Phenols are a type of organic compound containing a hydroxyl, -OH, functional group directly bonded to an aromatic ring.

The formula of phenol is C₆H₅OH.

The skeletal formula of phenol is:

React both with a metal carbonate such as sodium carbonate.

The carboxylic acid will react to produce carbon dioxide, which is evolved as a gas. Phenol is not acidic enough to react.

Acidity increases in the order: ethanol < water < phenol.

Phenol is a stronger acid than water because:

• The lone pairs of electrons on the oxygen atom in C₆H₅O^- overlap with the delocalised π-system on the benzene ring.
• C₆H₅O^- is more stable than OH^- because the negative charge of C₆H₅O^- is spread across the entire bezene ring.
• C₆H₅OH donates a proton (to form C₆H₅O^-) more readily than H₂O does (to form OH^-).

Ethanol is a weaker acid than water because:

• The ethyl group in C₂H₅O^- is electron-donating.
• C₂H₅O^- is less stable than OH^- because the negative charge of C₂H₅O^- is concentrated on the oxygen atom.
• C₂H₅OH donates a proton (to form C₂H₅O^-) less readily than H₂O does (to form OH^-).

Phenol is prepared by reacting phenylamine with nitrous acid (HNO₂) at a temperature below 10°C. The unstable diazonium salt produced is warmed in the aqueous solution to produce phenol.

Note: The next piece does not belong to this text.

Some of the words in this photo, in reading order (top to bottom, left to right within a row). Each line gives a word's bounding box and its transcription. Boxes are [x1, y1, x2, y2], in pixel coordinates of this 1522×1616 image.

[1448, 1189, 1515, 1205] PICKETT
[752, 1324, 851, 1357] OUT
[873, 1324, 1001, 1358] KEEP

Azo compounds are prepared by reacting an alkaline solution of phenol with a diazonium salt at a temperature below 10°C. A coupling reaction takes place in which the electrophilic diazonium ion substitutes into the benzene ring of phenol at the 4-position, directly opposite the -OH group.

1. Prepare nitrous acid (HNO₂) in situ. using sodium nitrite and hydrochloric acid:

NaNO₂ + HCl ➔ HNO₂ + NaCl

1. Add phenylamine to form a diazonium salt via a diazotisation reaction:

C₆H₅NH₂ + HNO₂ + HCl ➔ C₆H₅N≡NCl + 2H₂O

1. Warm the diazonium salt in aqueous solution to form phenol:

C₆H₅N≡NCl + H₂O ➔ C₆H₅OH + HCl + N₂

Phenol reacts with sodium hydroxide to form the salt, sodium phenoxide, and water in a neutralisation reaction.

C₆H₅OH + NaOH ➔ C₆H₅ONa + H₂O

Phenol neutralises other alkalis in the same way to form a salt and water.

Molten phenol reacts vigorously with sodium metal, forming sodium phenoxide and hydrogen gas.

2C₆H₅OH + 2Na ➔ 2C₆H₅ONa + H₂

Phenol reacts with an aqueous solution of bromine at room temperature to form a white precipitate of 2,4,6-tribromophenol. The reaction decolourises the bromine water.

In contrast to benzene, the halogenation of phenol does not require a halogen carrier.

Phenol reacts readily with dilute nitric acid at room temperature to form a mixture of 2-nitrophenol and 4-nitrophenol.

The lone pairs of electrons on the oxygen atom of the -OH group in phenol are donated into its π-system. This activates phenol's aromatic ring, making it more susceptible to electrophilic attack.

Phenol is nitrated with dilute nitric acid whereas benzene requires concentrated nitric and sulfuric acids.

Phenol is more reactive than benzene.

A lone pair of electrons from the oxygen p-orbital of the -OH group is donated into the π-system of phenol, increasing the electron density of the benzene ring, which attracts electrophiles more strongly compared to benzene.